Improvement in Stroke Risk Depends on Exercise Intensity
Ischemic stroke is a consequence of atherosclerotic plaque build up in the arteries that deliver blood to the brain. Genetics aside, the most common causes of stroke include having diagnosed conditions such as diabetes, high cholesterol, and hypertension, being overweight, and/or smoking. A recent study published in the journal Neurology suggests that a lack of moderate to vigorous physical activity should be added to the list of direct causes of ischemic stroke. Previously, researchers believed that physical activity was important for its indirect effects on body weight, cholesterol, blood sugar and blood pressure.

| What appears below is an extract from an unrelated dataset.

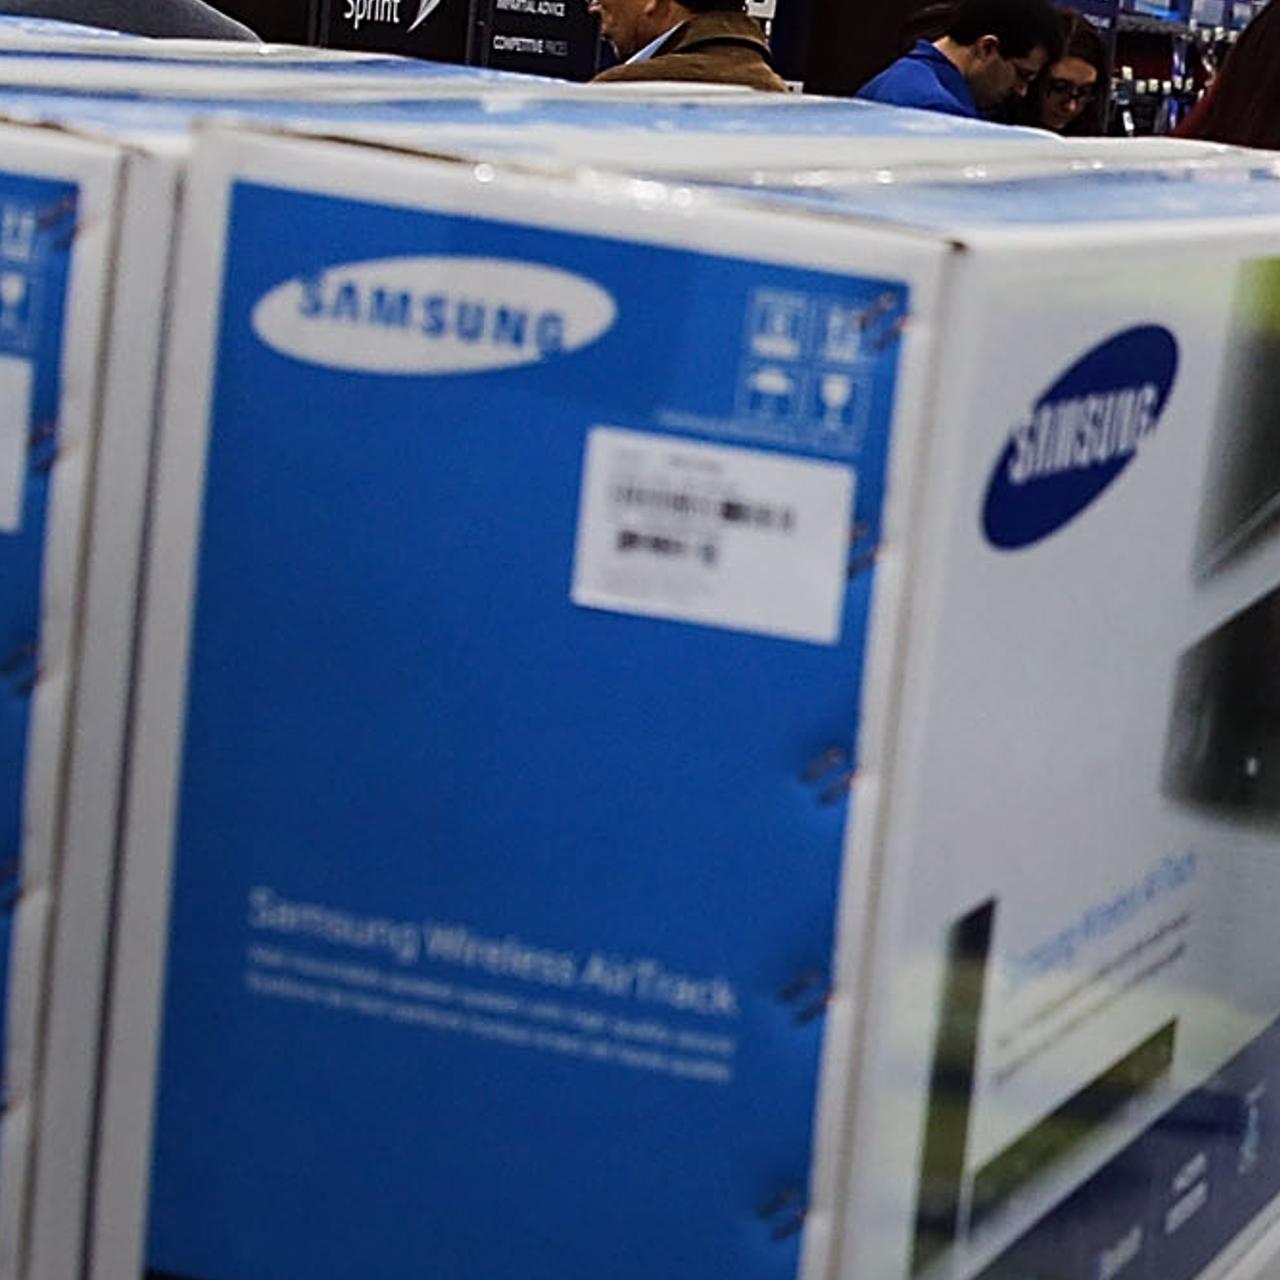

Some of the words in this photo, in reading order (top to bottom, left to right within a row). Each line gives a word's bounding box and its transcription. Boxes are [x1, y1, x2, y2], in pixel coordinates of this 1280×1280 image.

Researchers collected baseline information on leisure-time physical activities from over 3000 stroke-free older men participating in the Northern Manhattan Study. Over the course of a ~9.1 year follow-up, researchers documented nearly 240 ischemic strokes. Interestingly, 40.5% of the population studied was inactive. Moreover, it appears that participation in moderate to vigorous physical exercise was essential to reducing stroke risk when compared to "any" physical activity and even weekly total calorie expenditure.
Although previous studies involving women have reported that light activities provide a small reduction in stroke risk, this study is the first to indicate a need for higher intensity exercise to improve stroke risk factors.
Willey, J. Z., et al, Physical activity and risk of ischemic stroke in the Northern Manhattan Study. Neurology 73: 1774 – 1779.